The symptoms you need to look out for are the same as prozac, with one more which is the inability to stop moving.

I've been on both.


----------



## ChampionSocks (Mar 10, 2009)

Socrates_macabre said:


> The symptoms you need to look out for are the same as prozac, increased thoughts of suicide... one more which is the inability to stop moving.


Wow, thats serious stuff right there...


----------



## Socrates_macabre (Sep 22, 2008)

Very, very, very rare.

And easily noticeable, not too much to worry about, just be aware of


----------



## Matt210 (Aug 15, 2004)

ChampionSocks said:


> Socrates_macabre said:
> 
> 
> > The symptoms you need to look out for are the same as prozac, increased thoughts of suicide... one more which is the inability to stop moving.
> ...


I was scared of meds for a long time too. There are enormous misconceptions about medication in my opinion. My fears centered around the loss of control. I felt that meds would somehow make me a different person. I wanted to live - and if a medication could make me want to commit suicide, then wasn't it changing me?

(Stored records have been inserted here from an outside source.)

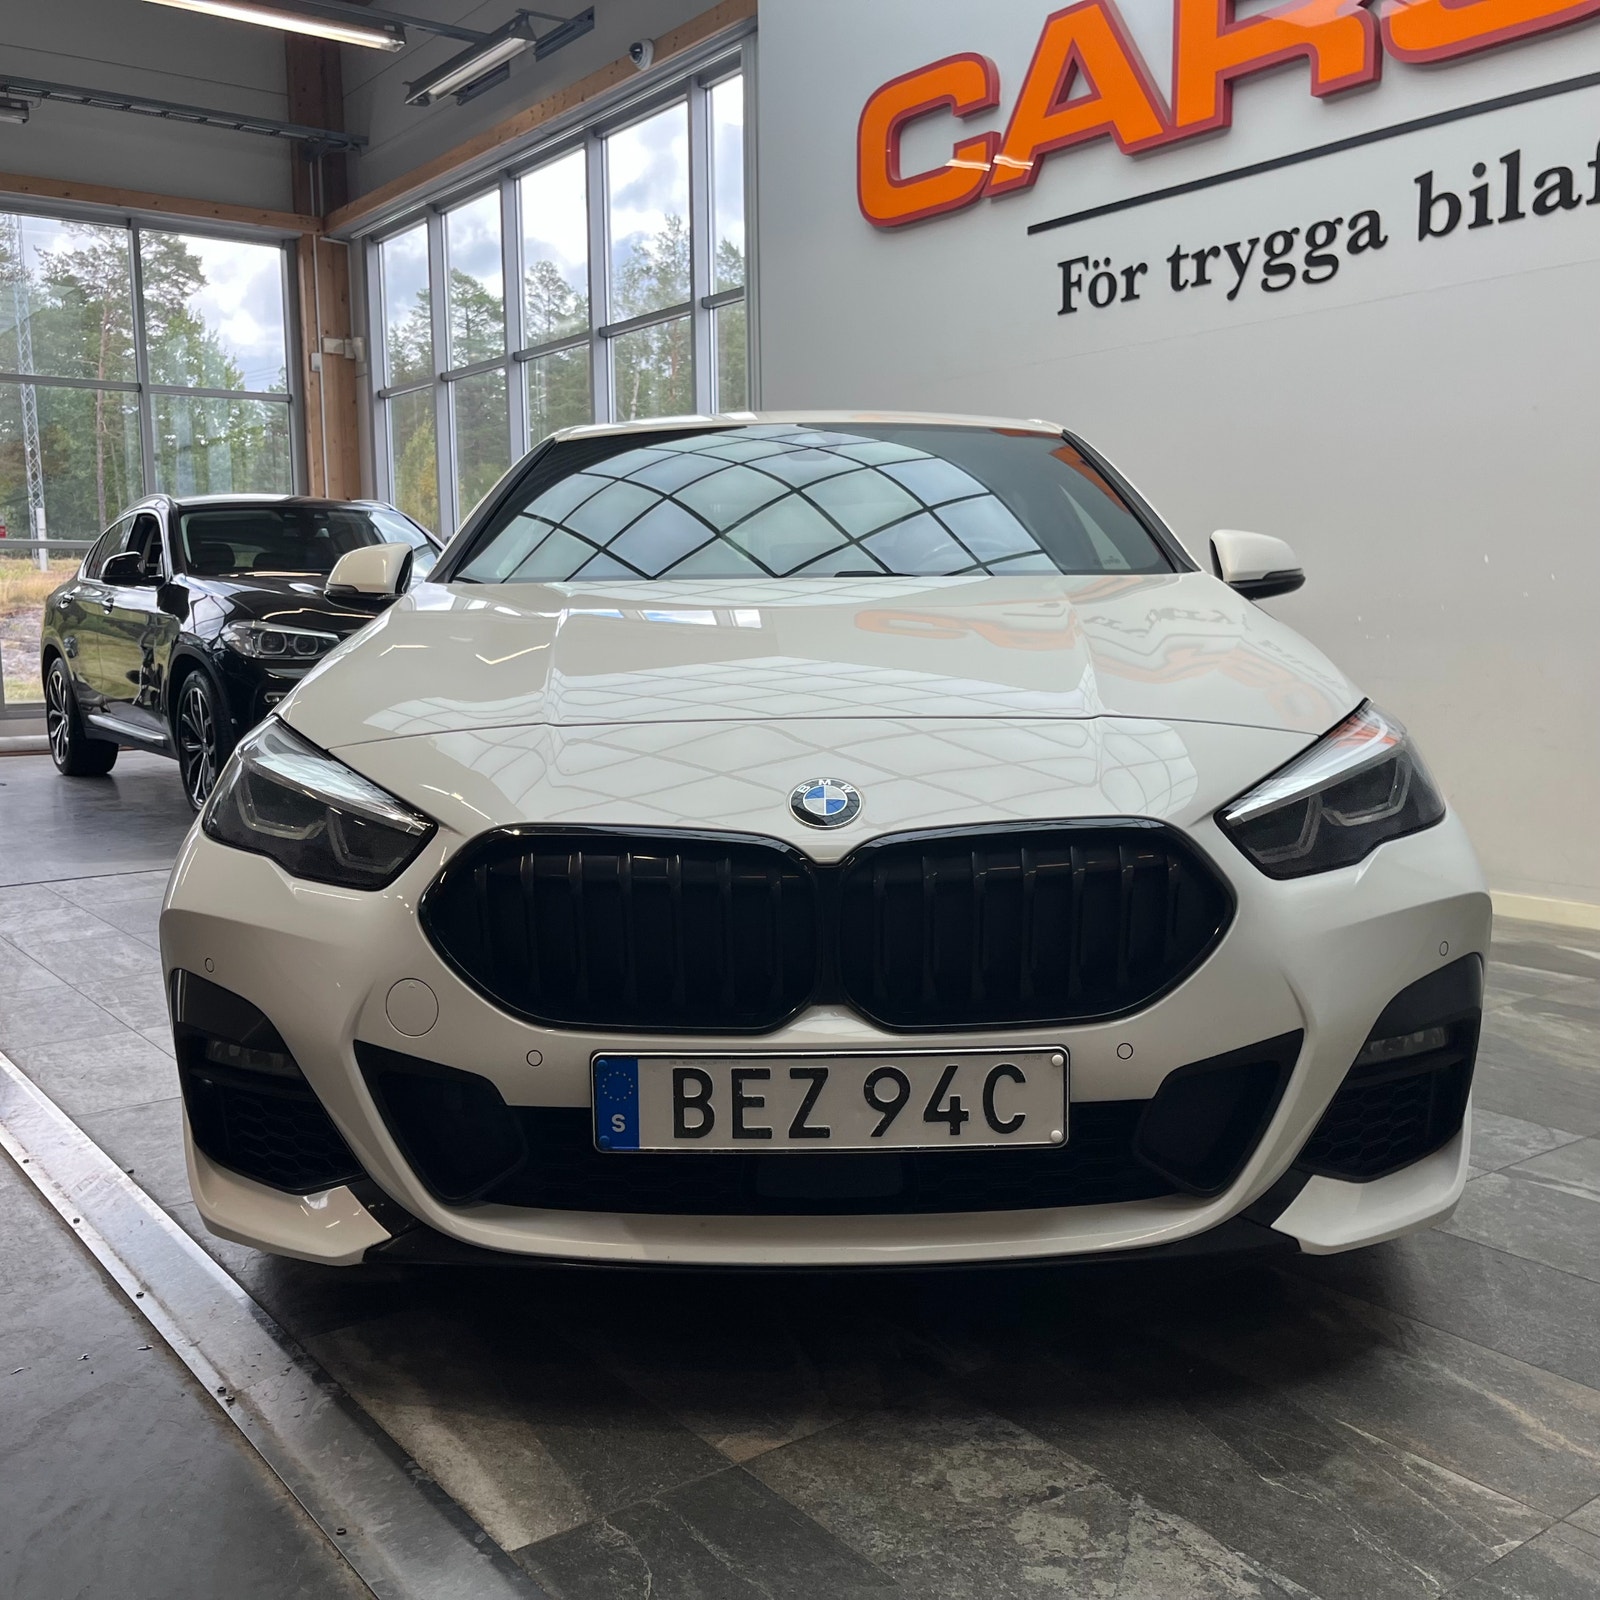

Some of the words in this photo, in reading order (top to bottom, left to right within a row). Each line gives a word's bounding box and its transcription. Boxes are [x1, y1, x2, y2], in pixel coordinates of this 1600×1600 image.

[857, 0, 1600, 227] CAR
[1057, 254, 1148, 315] För
[1166, 207, 1388, 301] trygga
[797, 779, 855, 793] BMW
[611, 1113, 626, 1133] S
[672, 1067, 831, 1139] BEZ
[863, 1063, 1027, 1138] 94C

But its nothing like this at all. Certainly, the meds can affect my moods, but they haven't changed me as a person. You aren't going to lose control - even if you got the VERY rare side effect of feeling suicidal, this doesn't mean you will forget that before the medication you wanted to live and off yourself. You'll stay a rational person and make the connection that the med is causing the feeling and you'll get off it. No SSRI does permanent damage either - so even if you have a bad reaction, you come off of it - you might feel like shit for a couple days but you'll survive.

The inability to stop moving is not as scary as it sounds either - jsut means you feel restless so you pace: "Akathisia, that is inner tension, restlessness, and the inability to stay still, often accompanied by "constant pacing, purposeless movements of the feet and legs, and marked anxiety," is a common side effect of fluoxetine.[22][23] Akathisia usually begins after the initiation of the treatment or increase of the dose and disappears after fluoxetine is stopped or its dose is decreased"

Lexapro and Zoloft have less side effects if you feel like going back to your doc and asking about other possibilities.


----------



## Guest (Mar 22, 2009)

i've been taking prozac for i think, 2 years? only side effect i had with it was increased appetite, never been giddy or had trouble to stop moving. I was just prescribed trazodone to sleep but haven't yet tried that, that whole four hour erection thing is kinda keeping on the fence on that one. I figure i'm on Klonopin too so i dont know if i should be taking all that stuff


----------